Table 3 Mis-assembly comparison of the refined panda genome with SOAPdenovo-assembled genome

Full size table

To investigate the refinement of the donkey genome in detail, we performed synteny comparison to the horse genome as shown in Fig. 3c, d using cutoffs of 0.1 and 0.2. The full alignment results were shown in Additional file 1: Figs. S23–S54. We first sorted donkey scaffolds and oriented them according to horse chromosomes (hereafter, labeled as ECA). Consider the absence of genomes from closest phylogenetic relatives(rhinos), we only take rearrangements occurring within donkey scaffolds as reliable. More strictly, only rearrangements that pass all cutoff thresholds are further investigated. We identified two inversions between the horse and the donkey, that mapped to ECA7 and ECA28, as shown in Fig. 4. Both of them have been verified in a de novo donkey genome by Chicago HiRise assembly [43]. Around regions these found inversions, LD was ranked top in genome-wide level, which is consistent with the algorithm that LDscaff used. Setting high cutoff can distinguish reliable inversions from false-positive ones caused by misassembly. It implies that LDscaff has the potential to aid in the identification of chromosome inversions.

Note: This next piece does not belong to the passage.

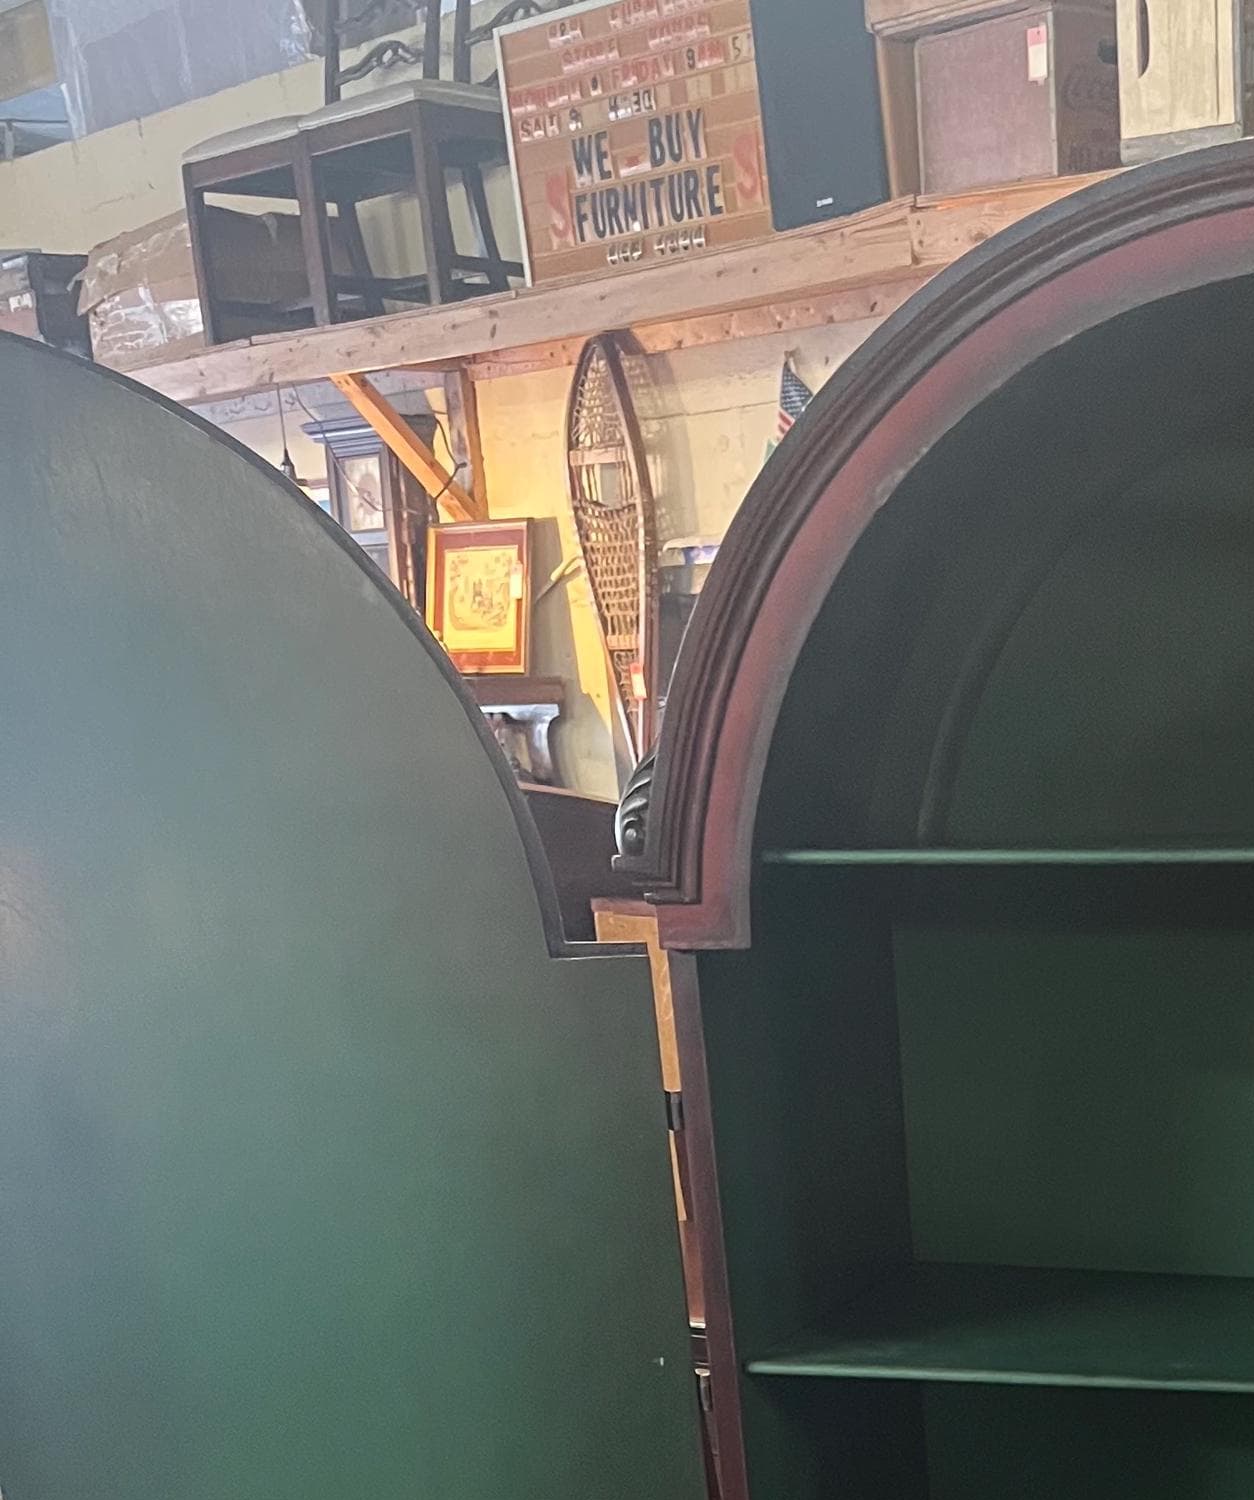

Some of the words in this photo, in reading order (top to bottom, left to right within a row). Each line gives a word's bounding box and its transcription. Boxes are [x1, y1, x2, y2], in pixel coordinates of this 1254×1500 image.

[571, 131, 612, 184] WE
[648, 108, 703, 167] BUY
[575, 164, 724, 243] FURNITURE

Comparison of HiC and LDscaff

We used HiC data to reassemble the same draft donkey genome from SOAPdenovo2, and the re-assembled scaffolds using LDscaff. The assembly was scaffolded with Hi-C data using the 3D-DNA pipeline [44]. The Hi-C reads were aligned to the draft donkey genome assembly using the Juicer pipeline [45]. The 3D-DNA pipeline was run with the default parameters. We evaluated assembly across four categories of error: relocations, translocation, inversion, and indels. The full comparison results are shown in Table 6. The number and size of these errors were calculated after QUAST splits input assembly by continuous fragments. For assembles involved HiC scaffolding, contigs shorter than 15 KB were set aside. Compared with HiC scaffolding, LDscaff-reassembled sequence has less scaffolding errors decreased with decreasing assembly contiguity. The His-reassembled sequence has twice misassembled bases more than the LDscaff result. When integrated HiC and LDscaff, the assembly size has decreased to 1.8G from 2.2G, while the N50 size has increased to 1.2G, which is the size of the longest scaffold.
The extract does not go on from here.